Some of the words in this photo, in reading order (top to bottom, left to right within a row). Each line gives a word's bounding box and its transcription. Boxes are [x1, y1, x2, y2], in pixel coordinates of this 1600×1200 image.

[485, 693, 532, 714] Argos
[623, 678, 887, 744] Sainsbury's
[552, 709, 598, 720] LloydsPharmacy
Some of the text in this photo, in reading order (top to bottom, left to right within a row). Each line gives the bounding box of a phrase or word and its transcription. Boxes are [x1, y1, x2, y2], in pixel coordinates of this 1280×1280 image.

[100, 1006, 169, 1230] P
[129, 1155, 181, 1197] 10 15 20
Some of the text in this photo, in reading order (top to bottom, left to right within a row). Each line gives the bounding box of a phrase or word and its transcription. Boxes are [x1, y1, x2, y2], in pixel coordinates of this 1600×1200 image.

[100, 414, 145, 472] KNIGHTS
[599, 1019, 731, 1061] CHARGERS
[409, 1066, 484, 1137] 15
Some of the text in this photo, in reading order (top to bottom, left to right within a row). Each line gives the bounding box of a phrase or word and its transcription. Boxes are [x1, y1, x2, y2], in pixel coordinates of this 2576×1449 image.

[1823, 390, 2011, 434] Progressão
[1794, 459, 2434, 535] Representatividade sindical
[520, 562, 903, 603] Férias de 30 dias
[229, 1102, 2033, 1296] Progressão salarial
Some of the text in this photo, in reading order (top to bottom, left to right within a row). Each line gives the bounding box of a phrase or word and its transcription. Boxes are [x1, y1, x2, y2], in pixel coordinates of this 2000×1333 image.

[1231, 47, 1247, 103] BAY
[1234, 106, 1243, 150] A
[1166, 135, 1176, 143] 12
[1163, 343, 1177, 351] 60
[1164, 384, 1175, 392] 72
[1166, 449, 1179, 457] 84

☆ ☆ ☆

▶ [Work to complete] With nothing left out, copy the data above exactly.

▶ [Solution to this exercise]
Some of the words in this photo, in reading order (top to bottom, left to right within a row). Each line gives a word's bounding box and its transcription. Boxes are [x1, y1, x2, y2], in pixel coordinates of this 1600×1200 image.

[485, 693, 532, 714] Argos
[623, 678, 887, 744] Sainsbury's
[552, 709, 598, 720] LloydsPharmacy
Some of the text in this photo, in reading order (top to bottom, left to right within a row). Each line gives the bounding box of a phrase or word and its transcription. Boxes are [x1, y1, x2, y2], in pixel coordinates of this 1280×1280 image.

[100, 1006, 169, 1230] P
[129, 1155, 181, 1197] 10 15 20
Some of the text in this photo, in reading order (top to bottom, left to right within a row). Each line gives the bounding box of a phrase or word and its transcription. Boxes are [x1, y1, x2, y2], in pixel coordinates of this 1600×1200 image.

[100, 414, 145, 472] KNIGHTS
[599, 1019, 731, 1061] CHARGERS
[409, 1066, 484, 1137] 15
Some of the text in this photo, in reading order (top to bottom, left to right within a row). Each line gives the bounding box of a phrase or word and its transcription. Boxes are [x1, y1, x2, y2], in pixel coordinates of this 2576×1449 image.

[1823, 390, 2011, 434] Progressão
[1794, 459, 2434, 535] Representatividade sindical
[520, 562, 903, 603] Férias de 30 dias
[229, 1102, 2033, 1296] Progressão salarial
Some of the text in this photo, in reading order (top to bottom, left to right within a row). Each line gives the bounding box of a phrase or word and its transcription. Boxes are [x1, y1, x2, y2], in pixel coordinates of this 2000×1333 image.

[1231, 47, 1247, 103] BAY
[1234, 106, 1243, 150] A
[1166, 135, 1176, 143] 12
[1163, 343, 1177, 351] 60
[1164, 384, 1175, 392] 72
[1166, 449, 1179, 457] 84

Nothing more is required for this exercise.